Columnist and Chelsea fan Giles Smith will be hurrying home today to make the kick-off in Europe’s quality competition, and he does not expect to see immoveable objects in his team’s way…

Sunday’s game against Wolves was, without question, a difficult watch.
Wolves had reversed a number of buses onto the pitch and we struggled to find a way to get the ball in between those buses, all the way through to injury time and a magnificent piece of improvised bus-avoidance courtesy of Eden Hazard.

And even though any kind of equaliser in injury-time – even a scuff-in, let alone a surgically precise strike between the buses and into the bottom corner from just outside the penalty area – will have its redemptive qualities, there was still a sense of frustration, walking away; a strong, and irritating sense that the buses had, in effect, won by depriving us of those two potentially vital points.

Incidentally, I’m not taking anything away from Wolves for parking their buses. Why shouldn’t they? This, too, is football. And I’m certainly not belittling the tactic. I don’t know whether you’ve ever tried to park a bus, but there’s a considerable amount of technique involved. Those things are large. You’ve got to know what you’re doing with your mirrors and you’ve got to have the confidence to trust your judgment in the blind spots.
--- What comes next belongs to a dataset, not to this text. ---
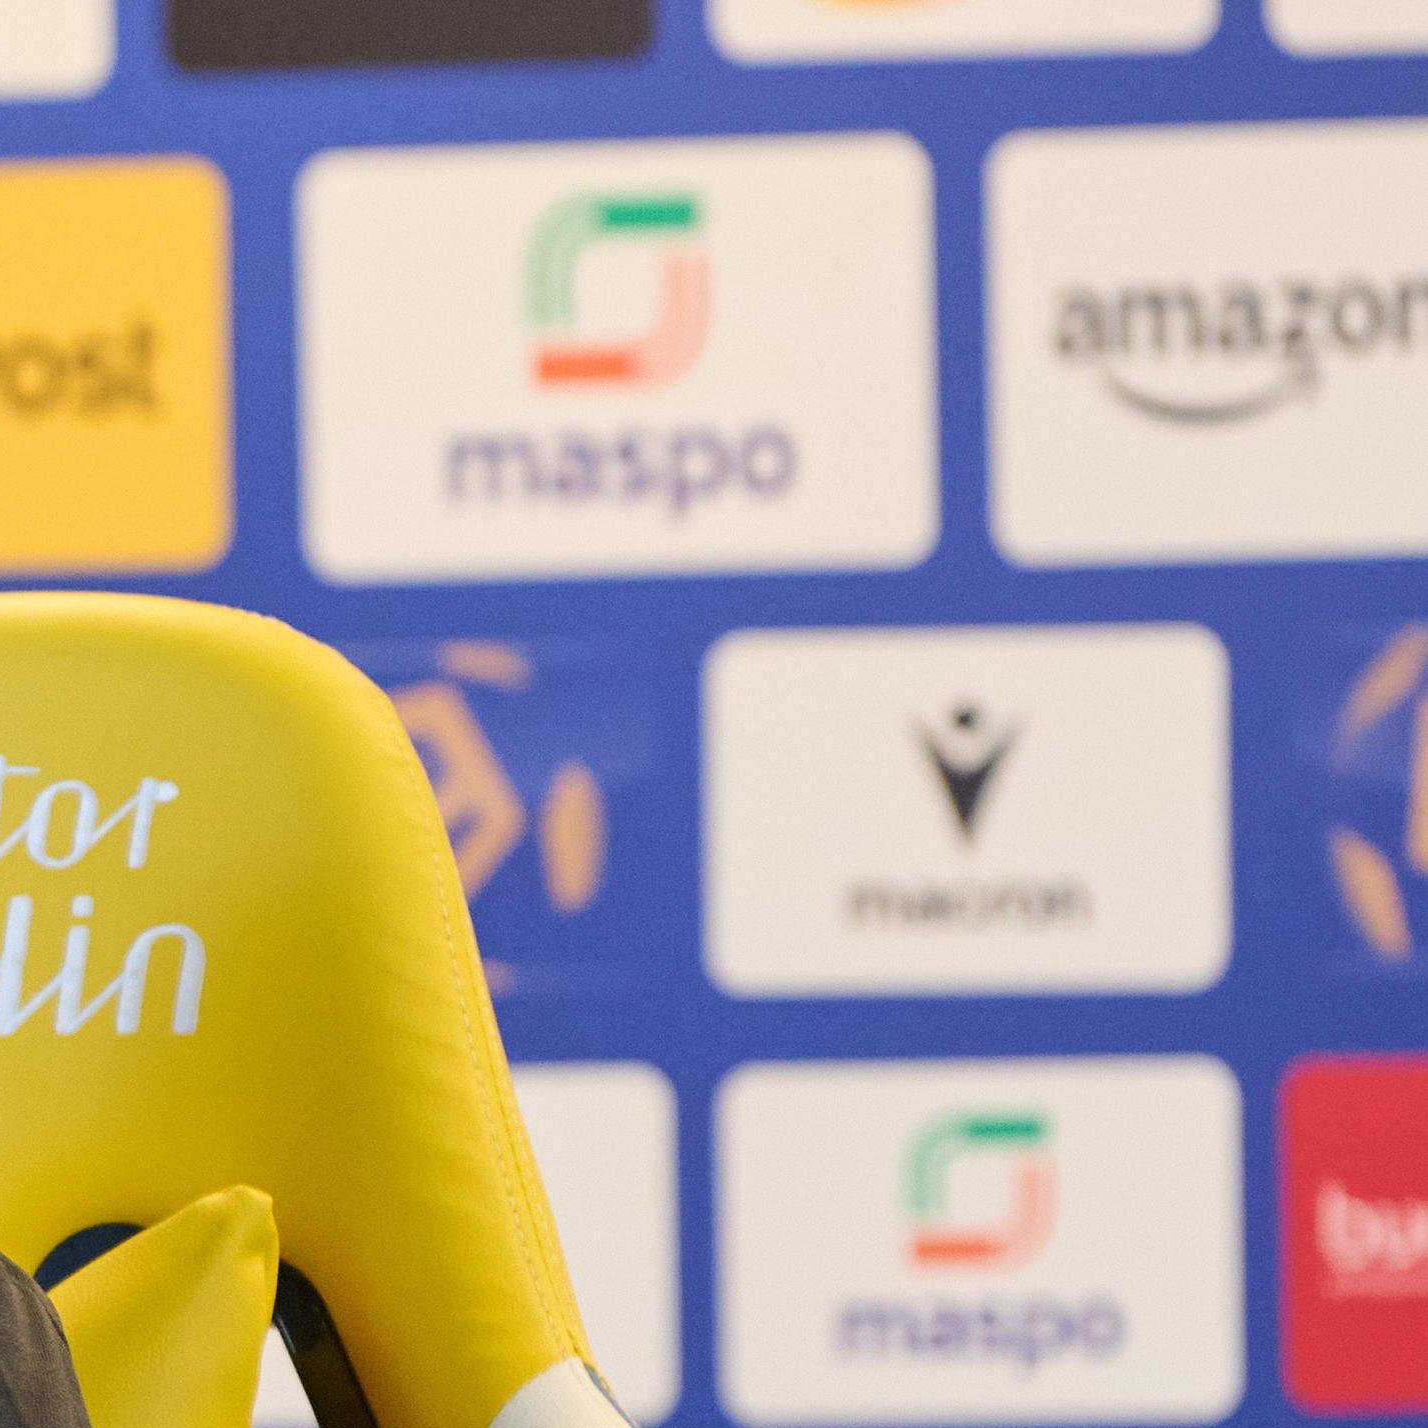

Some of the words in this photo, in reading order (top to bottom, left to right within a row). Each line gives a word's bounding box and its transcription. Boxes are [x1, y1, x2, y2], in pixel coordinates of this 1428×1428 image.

All credit to people who can successfully park buses.

It was also somehow inevitable, after a certain amount of unsuccessfully battering away at the parked buses on our part, that Wolves would eventually use one of those buses to drive up the other end in a hurry and score a goal with pretty much their only journey into our half for the entire game. And, again, all credit to them for that: they made, and took, the one chance they were looking for.

Ah well. Thanks to Hazard, something, at least, was saved. And because Manchester United lost and Spurs’ top-four challenge continued to leak air like a punctured bike tyre, it still leaves us strongly positioned for fourth place, courtesy of our game in hand.

In the meantime, it’s back to the Europa League and this evening’s early second-leg against Dynamo Kiev, which takes place in one area of the continent where the 5.55pm kick-off makes some kind of sense, because it will be virtually a standard 8.00pm start time there. The rest of us, of course, will just have to hurry home as best we can.

It should be worth it, though. For one thing, we hold a fairly convincing 3-0 lead after that well-judged performance in the first leg at the Bridge. This will make it unwise, to say the least, for Dynamo to content themselves with parking a fleet of buses, Wolves-style. On the contrary, they need to find four goals from somewhere, while not conceding, which should, at the very least, stretch the game into some interesting and very un-bus-like shapes along the way. And consequently, we will, without undue complacency (and even though football can be a surprising game sometimes, such as last Sunday) be expecting to go through to the quarter-finals.

Another reason it will be worth it is that there’s no doubting where the quality European football is being played this season, and where the real action is being witnessed, and it’s not in the Champions League, where some of the strongest sides (Real Madrid, PSG) have suffered ignominious and startlingly early exits.

Really the low-tide mark was reached this week with Manchester City’s 7-0 hammering of Schalke, making 10-2 on aggregate, the kind of lopsided encounter that can only bring Europe’s supposedly top-tier contest into contempt. Clearly there is no disgrace in losing 6-0 to City over the course of 90 minutes. It’s the kind of mishap that can happen to the best of teams on the wrong day. Losing 7-0 to them, though… well, that’s just plain embarrassing. Schalke should hang their heads in shame – or rather, the organisers should hang their heads in shame for presiding over a competition so patently misjudged that it could throw up such a non-competitive mismatch at this stage in the proceedings. The Europa League, by contrast, continues to demonstrate a firm commitment to quality football, to the utmost of its ability to do so.

On a related matter, it was excellent to see the players being met at the airport yesterday by a reception party in Ukrainian national dress, offering the traditional Slavic welcome of a loaf of bread and some salt. One remembers Gareth Southgate receiving the bread and salt in this way last summer when England arrived at their World Cup base in Repino, so, in many ways, this might have been the least we expected.

Even so, that was a thoughtful touch. And while we’re on the subject: do we put on anything equivalent when teams arrive in this country for their Europa League away legs? Did we do anything for Dynamo Kiev this time last week? Does someone hit the tarmac at Heathrow wearing Union Jack boxer shorts and holding a plate of cheese and pickle sandwiches? If we don’t, then the Slavic countries are once again very much pointing the way here, hospitality-wise, and we should explore options for the future.

Let’s get this tie out of the way first, though.